ExxonMobil — now the most valuable company in the world, passing Apple — earned $45 billion profit in 2012, a 9 percent jump over 2011. Meanwhile, Chevron earned $26.2 billion for the year. In the final three months of the year, the companies earned $9.95 billion and $7.2 billion respectively.
Here are the highlights of how Exxon and Chevron spend their earnings:
Exxon received $600 million annual tax breaks. In 2011, Exxon paid just 13 percent in taxes. The company paid no taxes to the U.S. federal government in 2009, despite 45.2 billion record profits. It paid $15 billion in taxes, but none in federal income tax.
Exxon’s oil production was down 6 percent from 2011.

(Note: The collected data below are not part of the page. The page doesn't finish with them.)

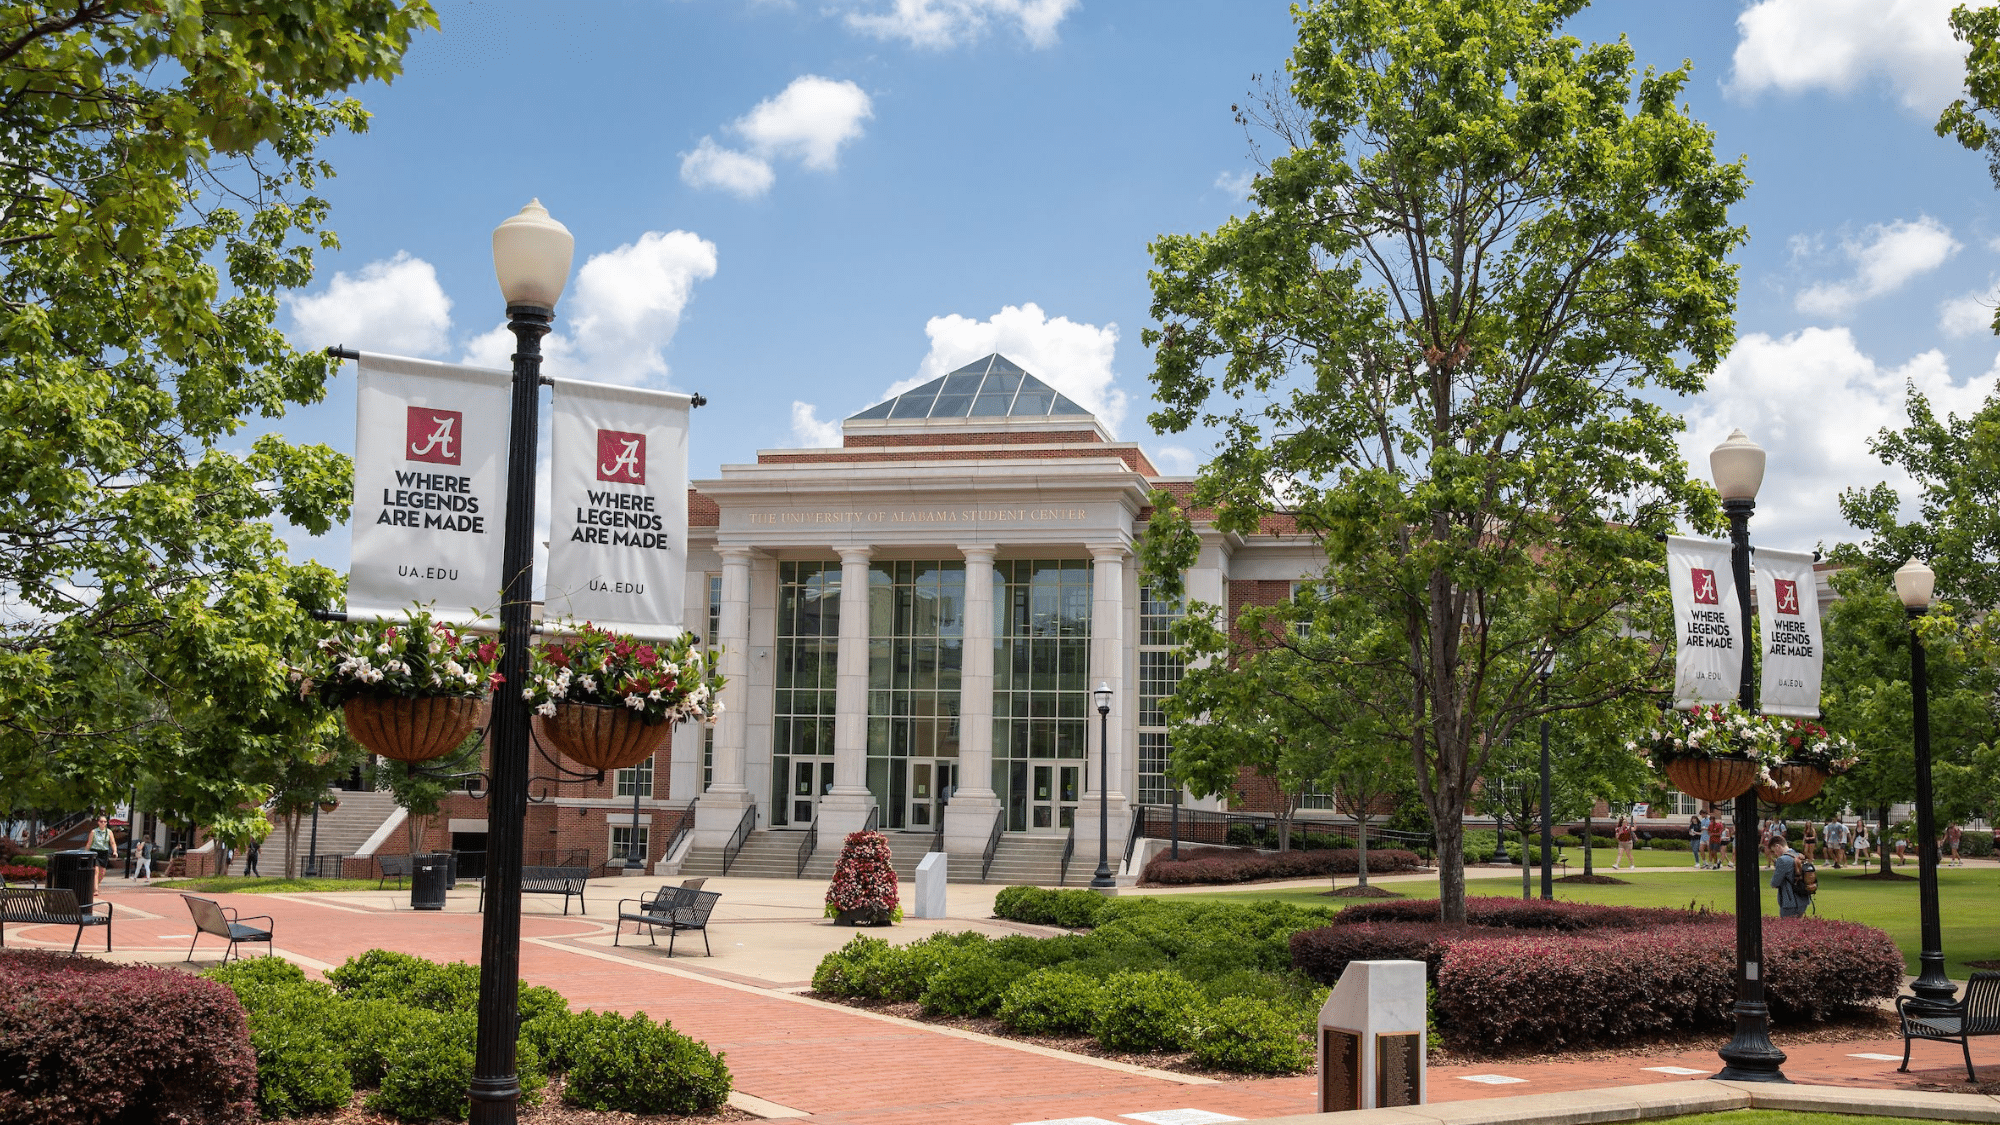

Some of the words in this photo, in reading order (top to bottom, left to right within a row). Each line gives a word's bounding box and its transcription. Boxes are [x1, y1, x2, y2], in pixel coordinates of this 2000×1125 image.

[411, 416, 456, 459] A
[601, 438, 641, 478] A
[395, 470, 471, 494] WHERE
[383, 488, 479, 514] LEGENDS
[587, 489, 655, 513] WHERE
[377, 508, 420, 528] ARE
[577, 507, 663, 532] LEGENDS
[749, 513, 777, 524] THE
[781, 511, 863, 524] UNIVERSITY
[867, 511, 886, 522] OF
[891, 510, 957, 522] ALABAMA
[962, 509, 1027, 521] STUDENT
[1030, 509, 1087, 520] CENTER
[571, 526, 609, 545] ARE
[398, 565, 459, 581] UA.EDU
[589, 580, 644, 595] UA.EDU
[1696, 573, 1717, 601] A
[1778, 584, 1797, 611] A
[1691, 610, 1725, 623] WHERE
[1687, 622, 1730, 636] LEGENDS
[1774, 620, 1806, 633] WHERE
[1686, 636, 1704, 647] ARE
[1771, 631, 1811, 645] LEGENDS
[1769, 644, 1787, 656] ARE
[1696, 671, 1722, 681] UA.EDU
[1778, 679, 1803, 688] UA.EDU

In fourth quarter, Exxon bought back $5.3 billion of its stock, which enriches the largest shareholders and executives of the company.
Exxon’s federal campaign contributions totaled $2.77 million for the 2012 cycle, sending 89 percent to Republicans.

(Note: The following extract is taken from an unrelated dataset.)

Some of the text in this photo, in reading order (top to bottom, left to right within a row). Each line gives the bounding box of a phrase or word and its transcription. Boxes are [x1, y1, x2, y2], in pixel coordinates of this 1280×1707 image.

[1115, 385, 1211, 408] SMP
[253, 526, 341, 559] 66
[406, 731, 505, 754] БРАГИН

The company spent $12.97 million lobbying in 2012 to protect low tax rates and block pollution controls and safeguards for public health.
Exxon is moving ahead with a project to develop the tar sands in Canada.
In October, Chevron made the single-largest corporate donation in history. Chevron dropped $2.5 million with the Congressional Leadership Fund super PAC to elect House Republicans.
The bulk of Chevron’s federal contributions came from the super PAC donation, for a total of $3.87 million for the 2012 cycle. 85 percent went to Republicans.
Chevron spent $9.55 million lobbying Congress in 2012, according to the Center for Responsive Politics.
Chevron paid 19 percent U.S. taxes last year (half of the top corporate tax rate of 35 percent), and received an estimated $700 million in annual tax breaks last year.
Chevron was fined $1 million for a refinery fire that sent 15,000 Richmond, California residents to the hospital. Though the company faces $10 million in medical expenses, Chevron earns it back in a couple of hours.
With Royal Dutch Shell and ConocoPhillips reporting $35 billion in combined profit in 2012, BP is the last company left to announce its profits for the year.